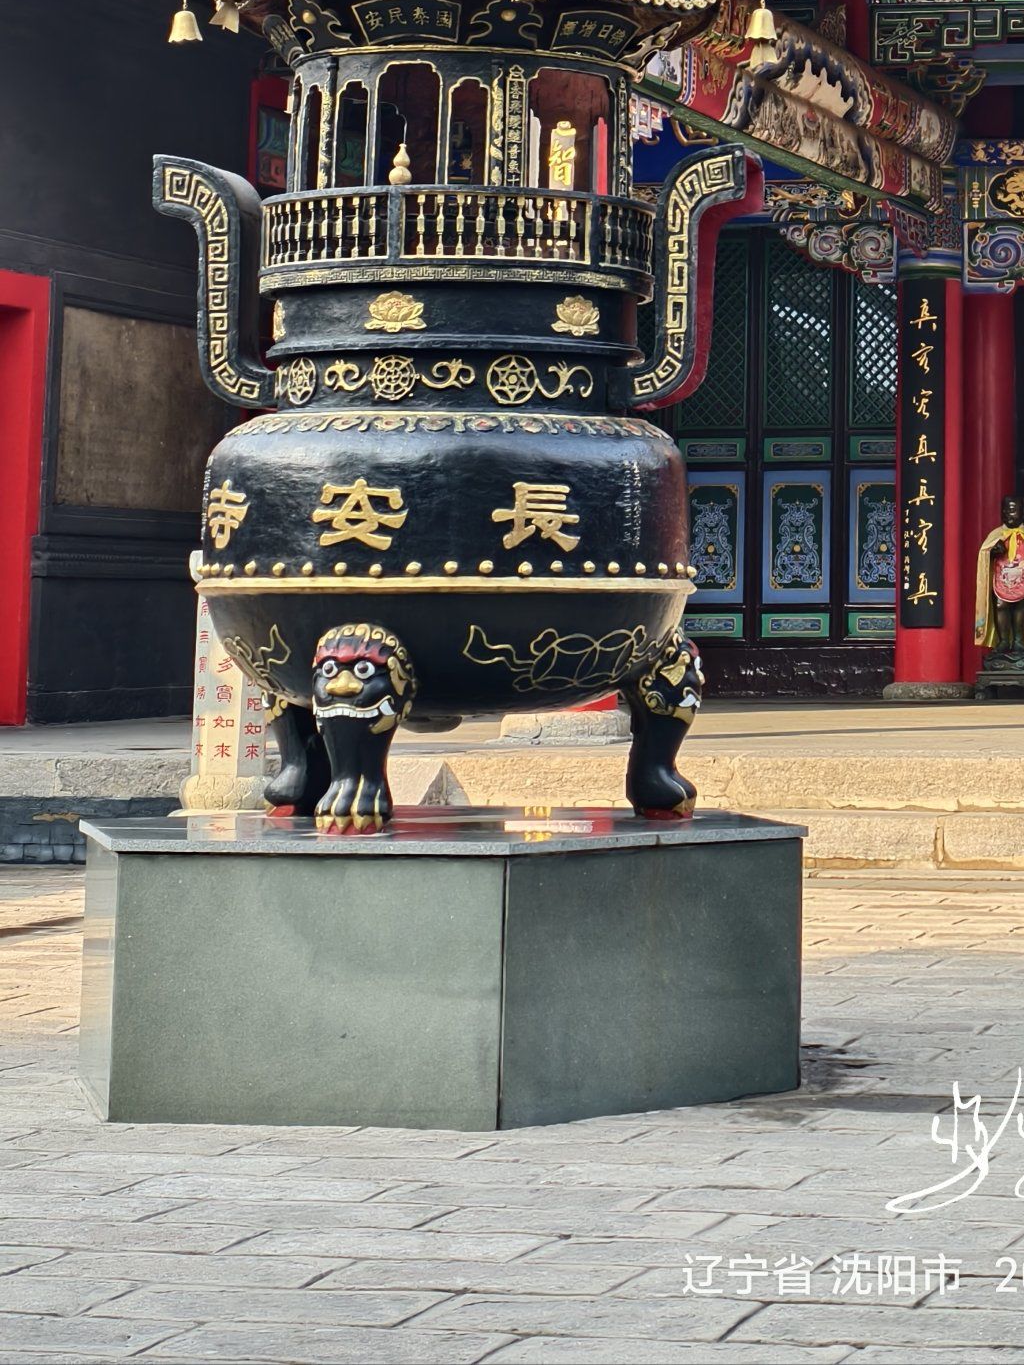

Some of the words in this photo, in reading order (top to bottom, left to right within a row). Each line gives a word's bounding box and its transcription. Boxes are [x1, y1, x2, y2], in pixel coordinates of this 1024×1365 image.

[364, 6, 454, 32] 國泰民安
[548, 139, 576, 187] 智
[207, 477, 581, 553] 長安寺
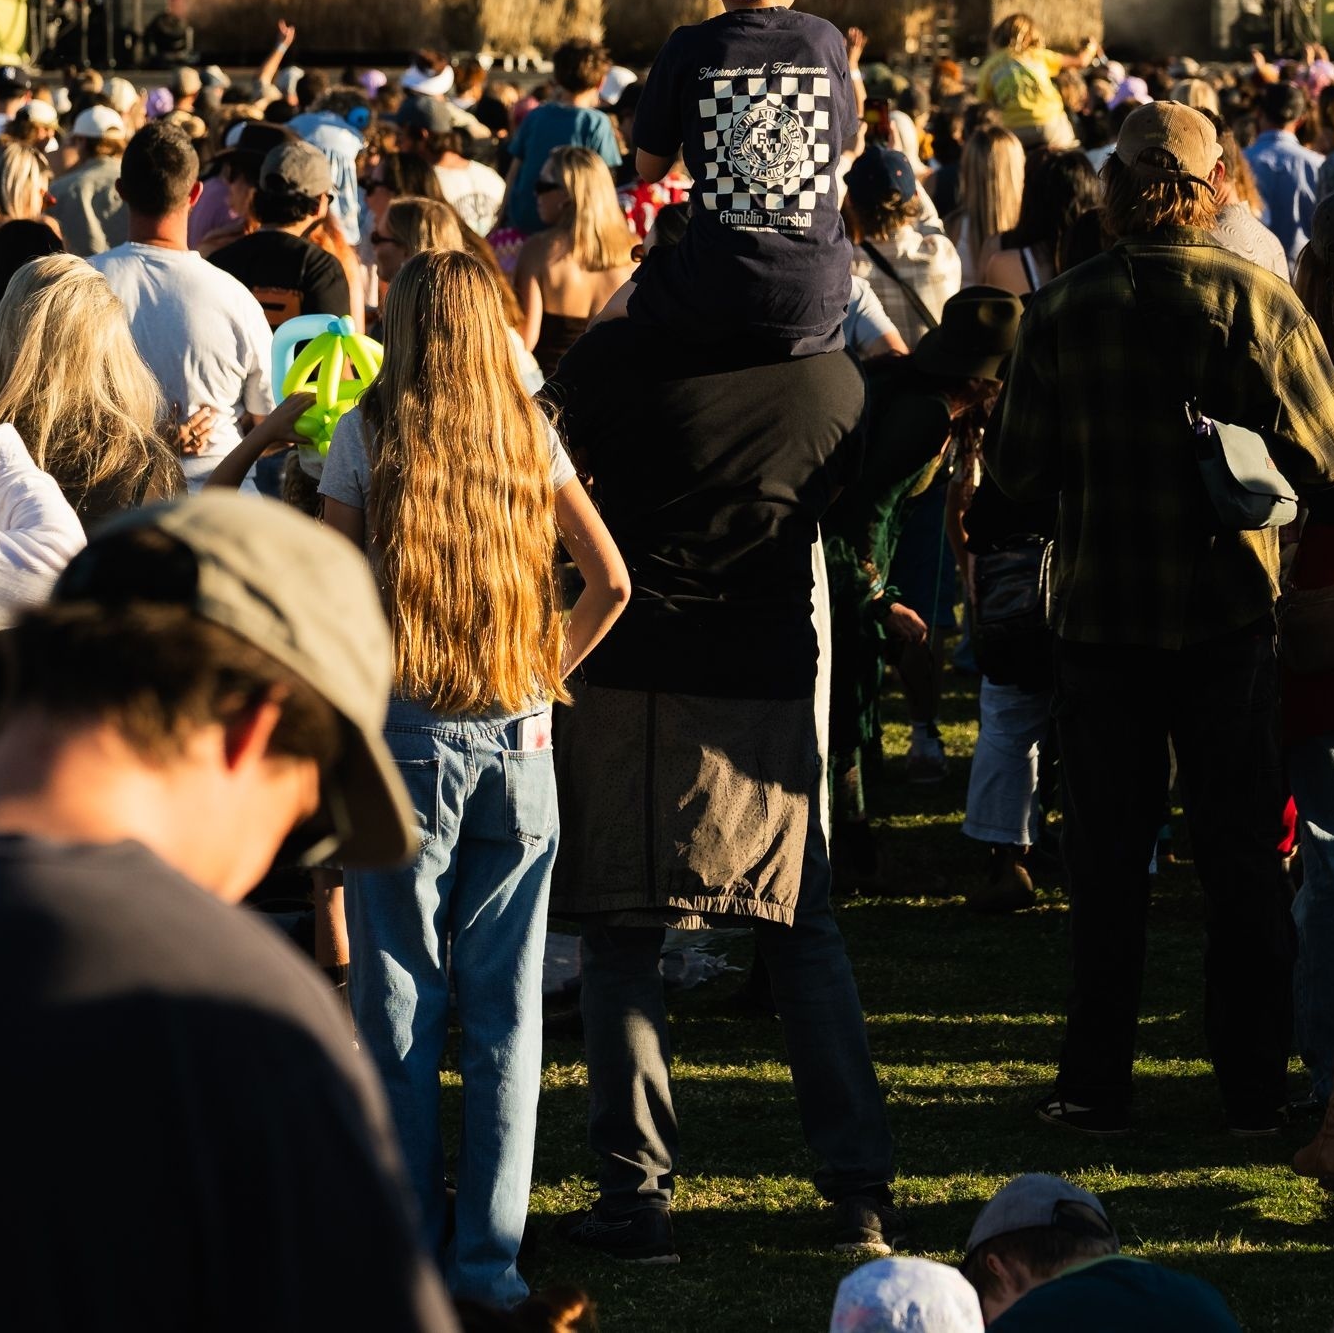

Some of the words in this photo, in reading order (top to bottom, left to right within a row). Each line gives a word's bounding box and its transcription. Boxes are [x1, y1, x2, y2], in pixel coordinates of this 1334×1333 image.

[698, 62, 767, 81] International
[771, 61, 828, 76] Tournament
[719, 209, 764, 225] Franklin
[767, 210, 812, 228] Marshall
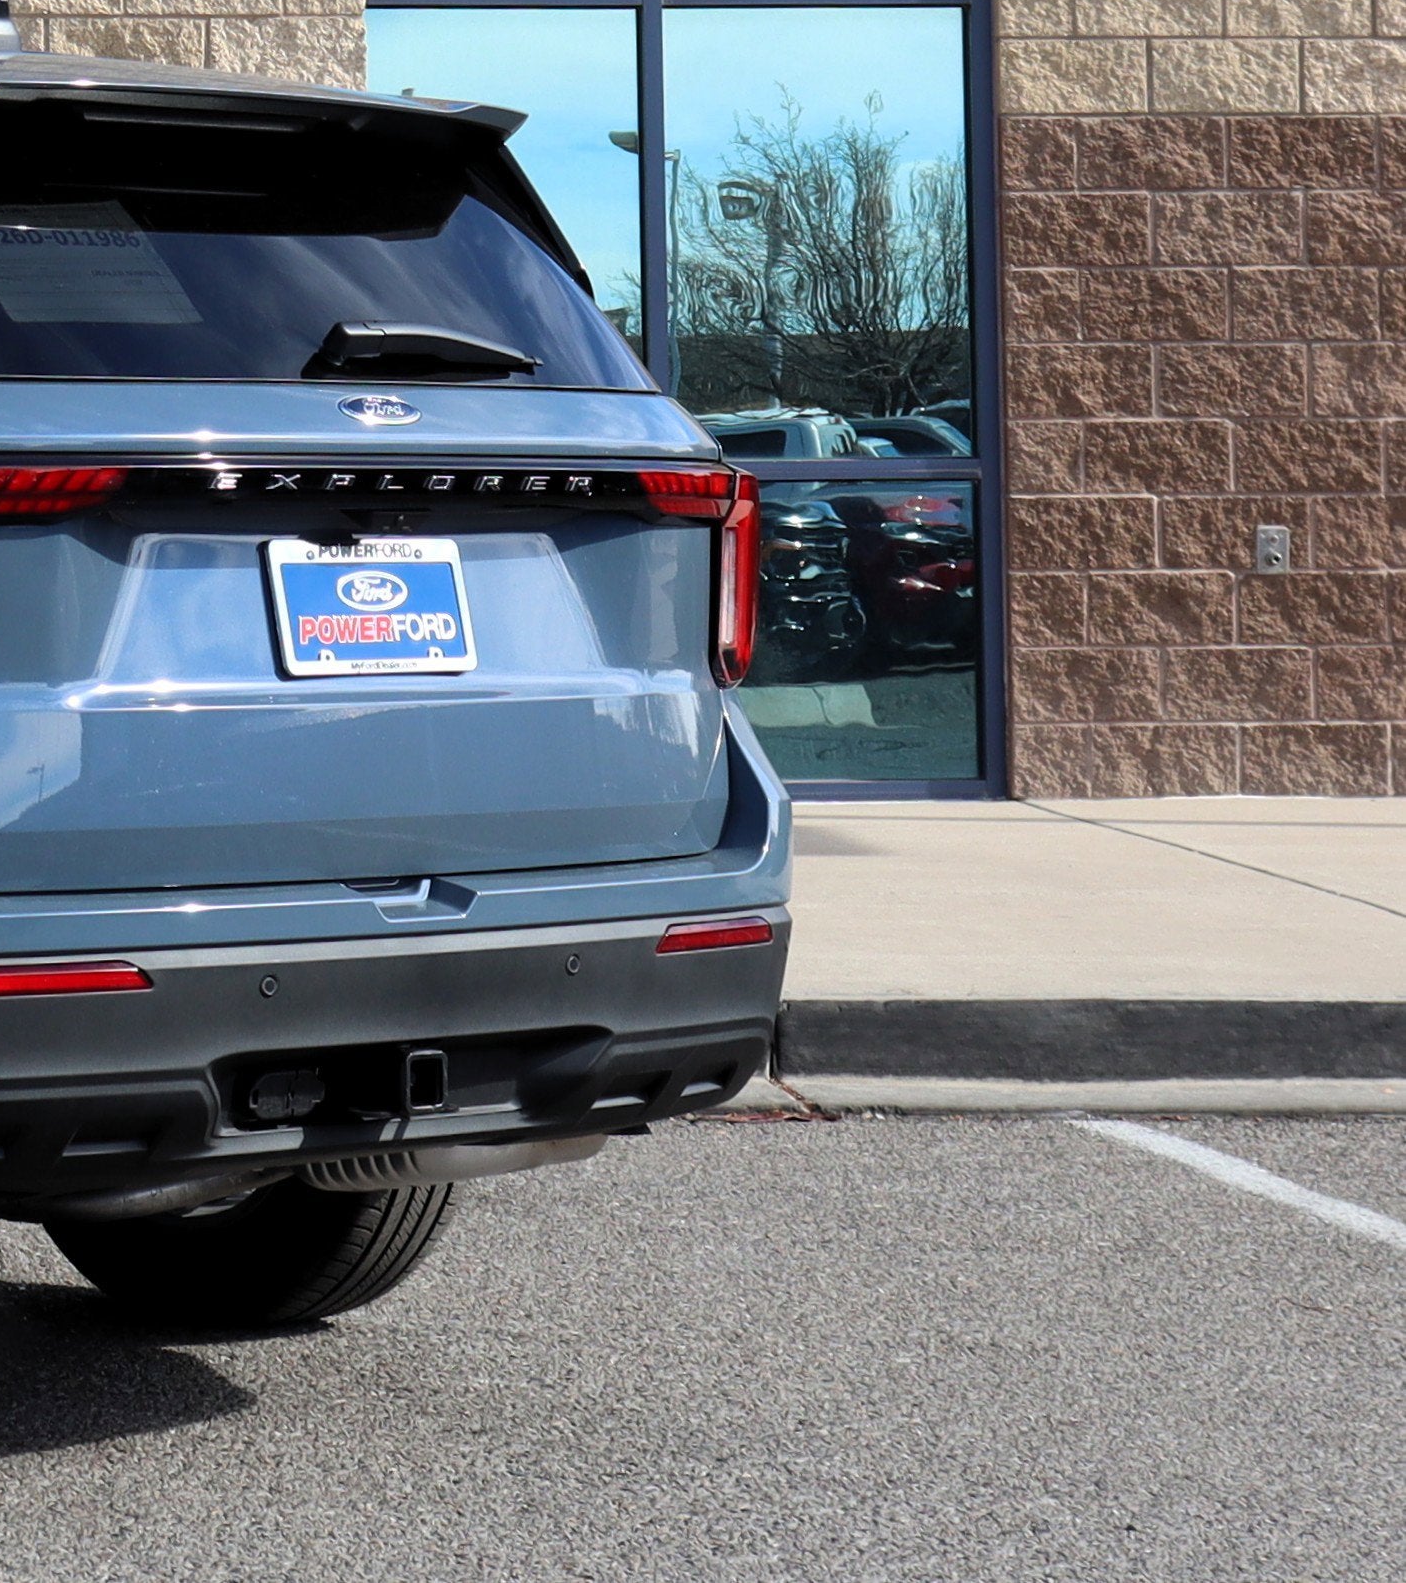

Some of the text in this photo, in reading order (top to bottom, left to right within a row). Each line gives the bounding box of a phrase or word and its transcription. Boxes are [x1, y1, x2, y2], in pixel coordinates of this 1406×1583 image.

[209, 472, 595, 495] EXPLORER
[318, 543, 412, 558] POWERFORD
[351, 578, 395, 603] Ford
[298, 612, 458, 645] POWERFORD

**What is required:** Leaving every picture aside, repeat the listing exactly.

**Solution to the problem:**
Some of the words in this photo, in reading order (top to bottom, left to right within a row). Each line gives a word's bounding box and its transcription. Boxes are [x1, y1, x2, y2], in pixel coordinates of this 1024×1365 image.

[364, 6, 454, 32] 國泰民安
[548, 139, 576, 187] 智
[207, 477, 581, 553] 長安寺

Some of the words in this photo, in reading order (top to bottom, left to right within a row). Each line gives a word's bounding box and its transcription. Boxes are [x1, y1, x2, y2], in pixel coordinates of this 1334×1333 image.

[698, 62, 767, 81] International
[771, 61, 828, 76] Tournament
[719, 209, 764, 225] Franklin
[767, 210, 812, 228] Marshall

Some of the text in this photo, in reading order (top to bottom, left to right within a row). Each line gives the bounding box of a phrase or word and its transcription. Boxes are [x1, y1, x2, y2], in pixel coordinates of this 1406×1583 image.

[209, 472, 595, 495] EXPLORER
[318, 543, 412, 558] POWERFORD
[351, 578, 395, 603] Ford
[298, 612, 458, 645] POWERFORD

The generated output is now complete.